July 20 brings two more signs of enterprise cloud migration. The first, and more concrete: Research firm Dell’Oro Group declared in its “Server 5-Year Forecast,” released today, that cloud data centers will generate all the growth in server shipments by this year, and reach 50 percent of the market by 2017, a year sooner than expected.
Sarneh Boujelbene, director at Dell’Oro, was quoted attributing the uptake to “a declining skepticism of the Cloud among enterprise accounts, and the willingness of Cloud vendors to hear their customers’ concerns, mainly related to security and resiliency, and to provide platforms to meet their needs.” Further, the report notes that the “basic definition” of a server is in play, as software servers shrink from virtual machines to smaller, more densely packed (and granularly billed) executable units.
One of those smaller “server” units is a Docker container, which encapsulates everything needed to run an app — code, runtime, system tools, system libraries — except OS. Docker containers run above a Docker abstraction layer on a Linux or — surprise ! — a Microsoft OS. Several containers may run one application.
Docker is a solution to the problem of differences between development and production environments, which can cause apps to fail or behave in unexpected ways once deployed. And as Steven J. Vaughan-Nichols, Linux writer, puts it on ZDNet, “Docker gets far more apps running on the same old servers, and makes it easy to package and ship programs from one environment to the next.”

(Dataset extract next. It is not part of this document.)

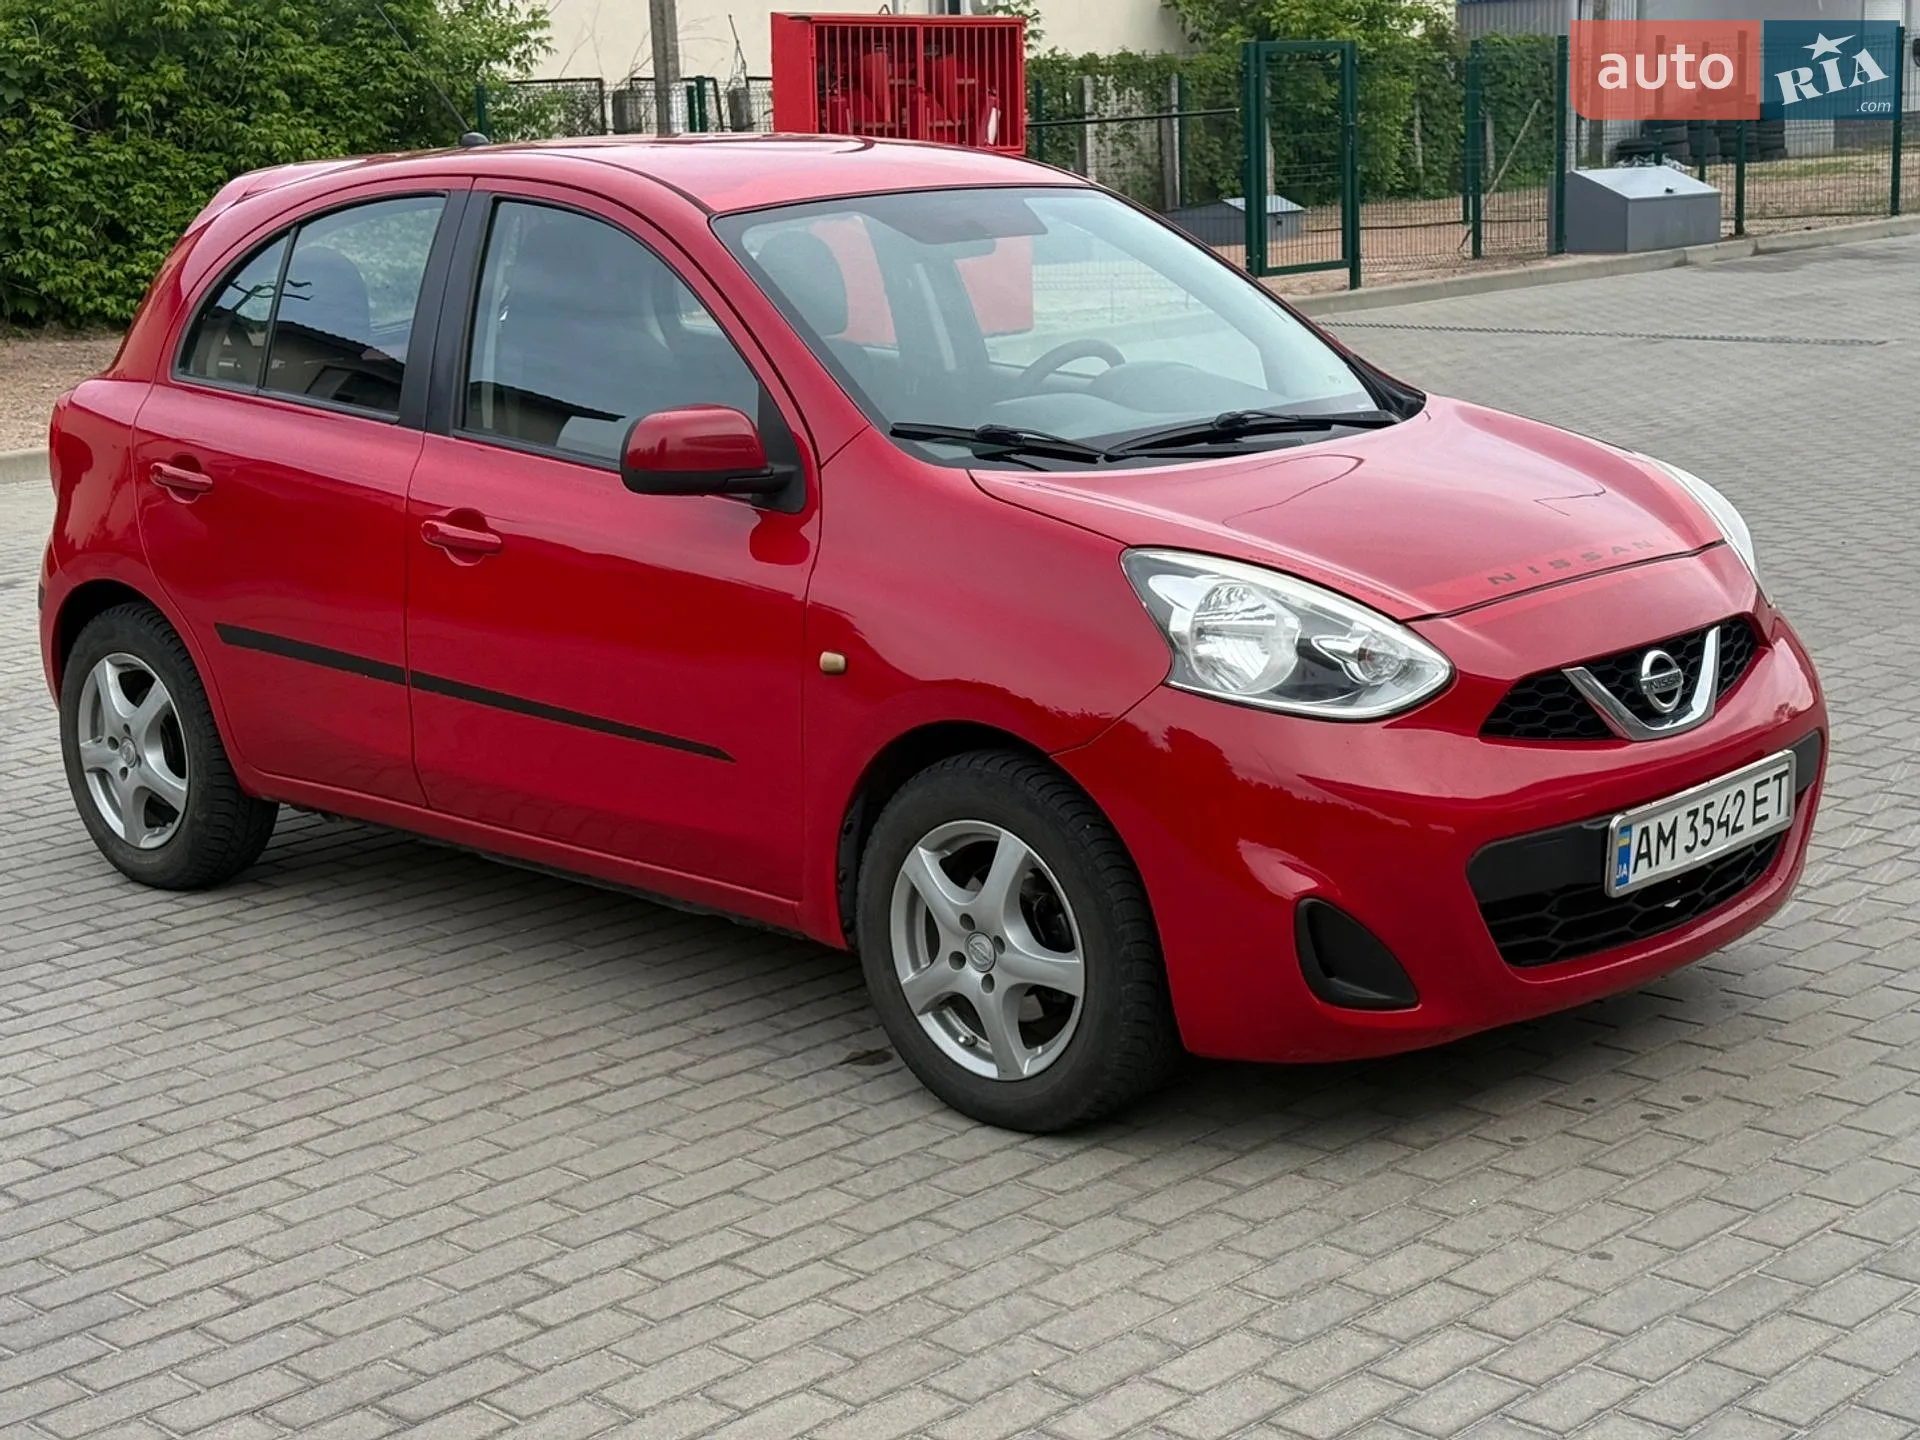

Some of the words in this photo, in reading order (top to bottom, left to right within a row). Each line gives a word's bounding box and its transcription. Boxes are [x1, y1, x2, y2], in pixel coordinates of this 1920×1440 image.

Docker is also open-source.
Which brings us to the other cloud migration sign, namely CenturyLink’s announcement of three open-source projects, two of which involve Docker. Hearing the huge buzz surrounding Docker containerization, CenturyLink’s platform people have responded by creating and offering the open-source community new Docker development tools. These are:
Lorry.io, a tool for creating, composing and validating Docker Compose files, which in turn allow developers to define an application’s containers, components and configurations in one file, and then run with one command.
ImageLayers.io, a visualization tool for Docker images. (A container is one instance of a Docker image.) With this tool, developers see how each command in a Dockerfile contributes to the final, layered image, and can compare multiple Docker images side by side.
CTL’s third new tool was a Chef provisioning driver for vSphere, VMware’s cloud. Chef is a configurataion management tool for automatically provisioning and configuring new virtual machines.